Supplied data ->

# # # #

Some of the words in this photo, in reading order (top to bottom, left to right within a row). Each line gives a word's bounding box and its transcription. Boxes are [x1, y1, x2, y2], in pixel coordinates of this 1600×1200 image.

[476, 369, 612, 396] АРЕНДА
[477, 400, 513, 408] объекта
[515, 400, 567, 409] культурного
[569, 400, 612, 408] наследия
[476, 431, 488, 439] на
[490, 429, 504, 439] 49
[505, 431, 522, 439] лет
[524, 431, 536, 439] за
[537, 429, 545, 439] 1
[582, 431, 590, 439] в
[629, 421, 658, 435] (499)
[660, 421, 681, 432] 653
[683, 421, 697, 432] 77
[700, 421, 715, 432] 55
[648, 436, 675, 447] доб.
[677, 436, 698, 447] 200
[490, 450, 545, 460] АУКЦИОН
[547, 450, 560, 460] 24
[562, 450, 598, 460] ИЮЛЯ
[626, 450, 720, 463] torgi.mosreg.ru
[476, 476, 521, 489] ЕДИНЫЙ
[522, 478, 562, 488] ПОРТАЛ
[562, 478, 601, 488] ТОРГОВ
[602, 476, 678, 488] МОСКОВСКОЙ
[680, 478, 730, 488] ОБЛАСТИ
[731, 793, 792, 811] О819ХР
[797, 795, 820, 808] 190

# # # #

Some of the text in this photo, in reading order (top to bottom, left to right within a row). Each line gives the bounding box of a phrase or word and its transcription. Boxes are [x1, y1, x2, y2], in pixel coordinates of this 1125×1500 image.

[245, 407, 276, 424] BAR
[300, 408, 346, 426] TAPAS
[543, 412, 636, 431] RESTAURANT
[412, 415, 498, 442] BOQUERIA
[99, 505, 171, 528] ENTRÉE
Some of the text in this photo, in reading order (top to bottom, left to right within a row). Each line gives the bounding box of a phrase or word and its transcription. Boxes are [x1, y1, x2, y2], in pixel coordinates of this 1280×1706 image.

# # # #

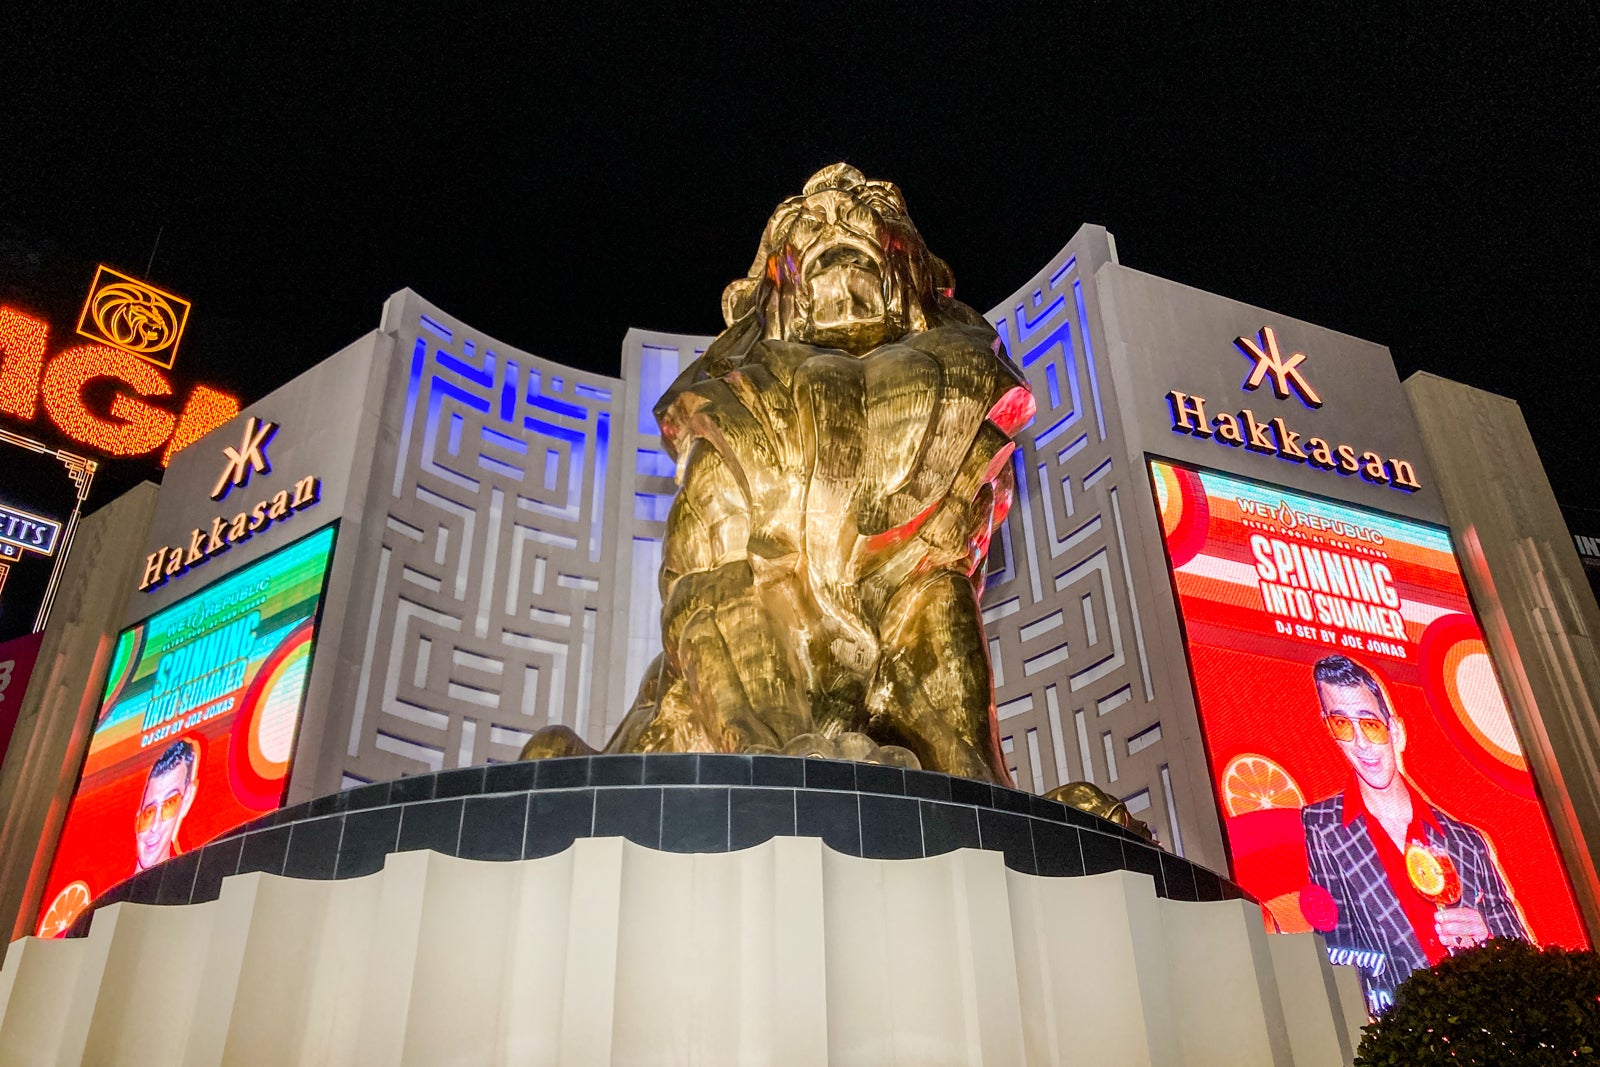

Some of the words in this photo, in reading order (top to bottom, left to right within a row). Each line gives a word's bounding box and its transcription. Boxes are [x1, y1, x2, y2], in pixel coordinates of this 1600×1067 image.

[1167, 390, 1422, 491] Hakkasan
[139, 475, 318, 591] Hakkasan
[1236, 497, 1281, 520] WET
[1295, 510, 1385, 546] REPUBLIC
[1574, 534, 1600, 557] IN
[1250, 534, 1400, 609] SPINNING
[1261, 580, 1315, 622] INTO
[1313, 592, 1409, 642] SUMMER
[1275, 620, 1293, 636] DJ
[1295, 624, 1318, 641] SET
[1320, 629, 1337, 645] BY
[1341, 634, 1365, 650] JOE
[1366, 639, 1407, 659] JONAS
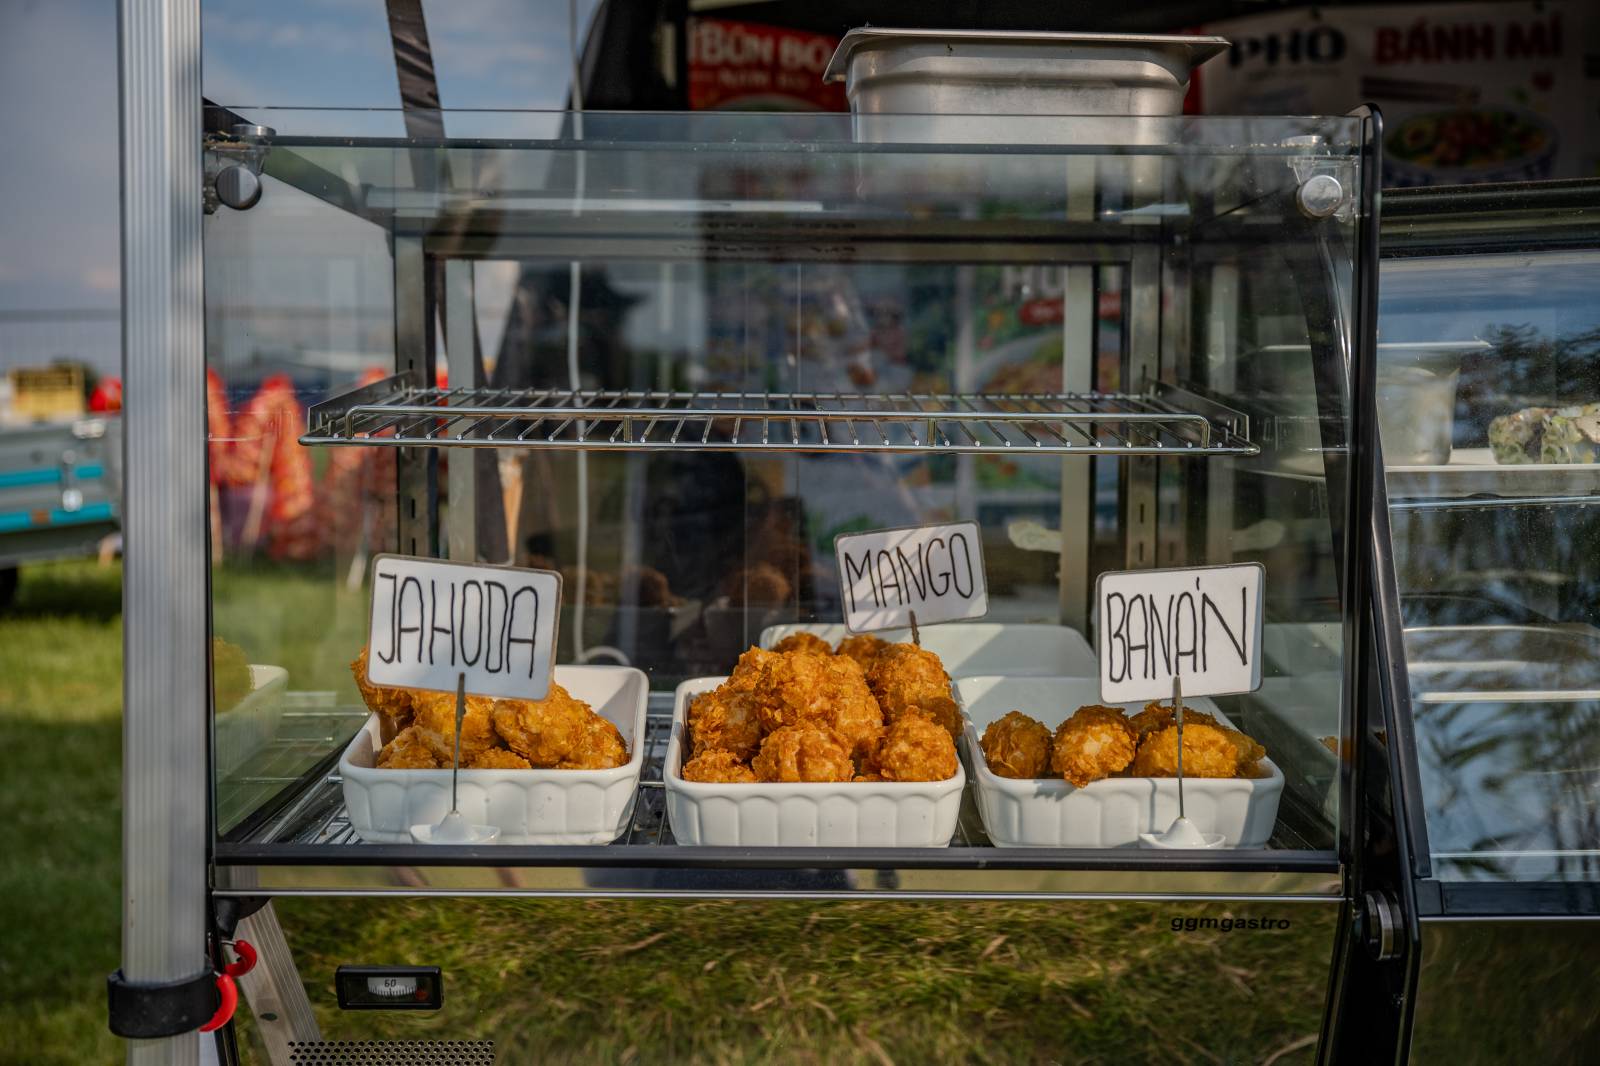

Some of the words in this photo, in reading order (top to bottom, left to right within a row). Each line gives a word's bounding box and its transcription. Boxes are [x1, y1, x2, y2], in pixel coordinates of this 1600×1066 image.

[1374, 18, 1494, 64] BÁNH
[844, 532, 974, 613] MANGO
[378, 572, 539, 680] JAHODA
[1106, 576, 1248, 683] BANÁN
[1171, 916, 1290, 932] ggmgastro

# # # #

Task item -> Out of the data above, transcribe exactly and only the lines starting with the line that has "this 1125×1500 image." and going on through the line that has "this 1280×1706 image.", both included.

Reply ->
Some of the text in this photo, in reading order (top to bottom, left to right within a row). Each line gives the bounding box of a phrase or word and its transcription. Boxes are [x1, y1, x2, y2], in pixel coordinates of this 1125×1500 image.

[245, 407, 276, 424] BAR
[300, 408, 346, 426] TAPAS
[543, 412, 636, 431] RESTAURANT
[412, 415, 498, 442] BOQUERIA
[99, 505, 171, 528] ENTRÉE
Some of the text in this photo, in reading order (top to bottom, left to right within a row). Each line gives the bounding box of a phrase or word and its transcription. Boxes are [x1, y1, x2, y2], in pixel coordinates of this 1280×1706 image.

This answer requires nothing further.